27話・あの子が欲しい
三日後、金満亭に来客があった。あのリオン司教が訊ねて来たのだ。あの守り石という名の迷子札に書かれていた金満亭を頼りに訪ねてきたのだろう。供の者はなく一人だった。城にアイギスを残して訪ねてきたようだ。
リオン司教はわたしの飼い主に会いたいと言って、金満亭のおかみさんを通して宿の一階の食堂にハインツを呼び出した。リオン司教は何の用でここに来たのかと食堂の隅から伺うわたしの耳に聞こえて来たのはとんでもない話だった。
「そちらで飼われている子猫をぜひ譲って頂きたいのです。もちろんただでとは言いません。それなりのお礼はさせて頂きます」
つまりリオン司教はわたしを買いたいと言ってるのだ。ハインツは勝手にスワンヘルデ城まで出掛けていたわたしを怒っていて、そのせいで訪ねてくることになったリオン司教をよく思ってない様で不機嫌そうに対峙していた。
「あんたはなんでまたヒメが欲しいんだ?」
わたしもそう思う。リオン司教とは三日前に一度会っただけなのに。わたしが欲しいだなんて。わたしには秘密があるし、簡単にハインツが承諾するとも思えないけど。
「実は公子さまが城内で見かけたこちらの子猫に関心を持たれましてね、またあの子猫に会いたいと望んでおられるのです。あなたは旅行者なのですよね? 訳あってこちらに滞在されてるとか? いくら小さなペット連れとはいえ、ペットを連れての長旅は大変でしょう。もし良ければそちらの子猫を…」
「断る。俺が何を連れて歩こうと勝手だろう。ヒメはやれない。あれは俺の大事な仲間だからな」
アイギスと聞いてわたしは何ともいえない思いが湧いて来た。できることなら今すぐ帰りたい。でも…
ハインツはわたしの迷いを立つように断っていた。
「あんたさ、それ余計なお節介だろう。公子さまはその子猫が欲しいからあんたにもらって来いと命じたのかよ。ここの公子さまはお優しいと聞いてる。そんなことなさるようなお人じゃないだろ?」
公子の評判を貶める様なことはしない方がいいんじゃないの?と、ハインツは言っていた。

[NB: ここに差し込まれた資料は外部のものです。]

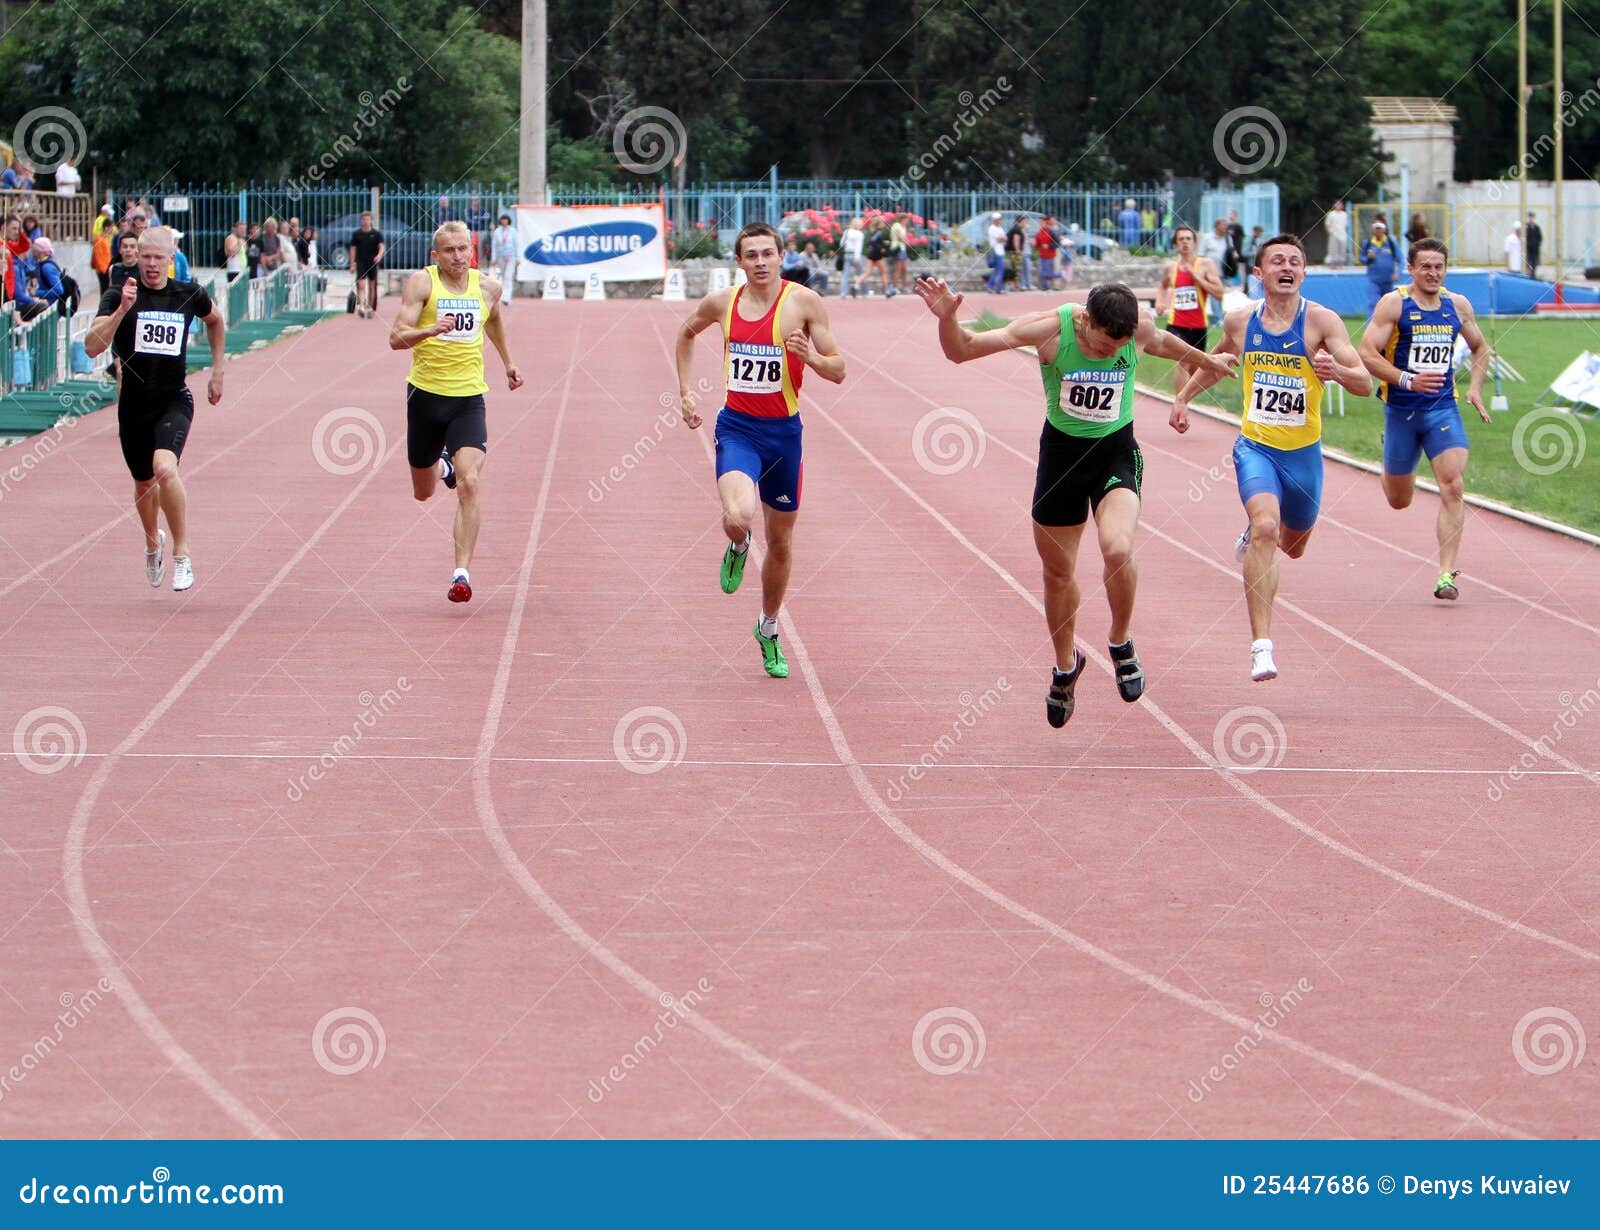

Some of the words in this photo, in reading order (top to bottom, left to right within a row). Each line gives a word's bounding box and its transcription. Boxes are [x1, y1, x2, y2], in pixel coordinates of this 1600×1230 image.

「あんたは公子がどうのと言ったけど、本当はあんたがヒメを欲しいんじゃないのか?」
そんな馬鹿な。と、思うわたしに、リオン司教はあっさり認めた。
「あなたには嘘が通じそうにないですね。そうです。ぼくはあの子が欲しいのです」
「やらないぞ」
不貞腐れるハインツにリオンが言い寄る。
「ぼくにもあの子は必要なのです。どうしたら頂けますか?」
「だめだ。それにきっとヒメも嫌がる」
リオンがむっとした表情で聞いた。リオン司教は子猫のわたしを求めているはずなのに、彼があの子と言うたびになんだか人間のわたしが求められてるようで気恥かしく思えてくるからおかしな感じだ。
「あの子にヒメという名を付けたのはあなたですか?」
「ああ。お姫さまみたいに可愛いからな。ゆくゆく俺の嫁にする予定だ」
ハインツ。何言ってるの? 猫と添い遂げたいだなんて。胸張って言うな。変態。司教も呆れてるじゃない。
聞き耳立ててるわたしはゲンナリした。
「…猫とですか?」
「ああ。悪いか?」
「あの…種族的に無理かと思われますが?」
あのその辺りは真面目に対応しなくていいですから。リオン司教も仕事柄、邪険には出来ないんだろうな。わたしは司教に同情した。
「とにかくヒメは譲る気ないから。帰ってくれ」
「分かりました。また後日、日を改めてまいります」
「何度きても無理だ。俺の気持ちは変わらない」
「それでは失礼いたします」
リオン司教は一礼して金満亭を去って行った。所用で帰って来たハンスは、玄関のところでリオンとすれ違い彼の背を見送った。
「今の御方は?」
「物好きにもヒメを欲しいんだそうだ」
あなたがそれを言いますか。と、実に残念そうな瞳でハンスが見たがハインツは気にも留めてないらしい。そうだ。と、呟いた。
「あいつ、勝手にスワンヘルデ城に行ったようだ。あとでお仕置きだな」
うわあ。覗き見していたわたしは後退りした。日が暮れるまではハインツに見つからないようにしなくては。
「ヒメ。そこにいるんだろう? こっち来い」
『ひぃ』
わたしは全力疾走でその場から逃げ出した。その数時間後、人間に戻ったわたしはハインツから長いお説教を食らったのは言うまでもない。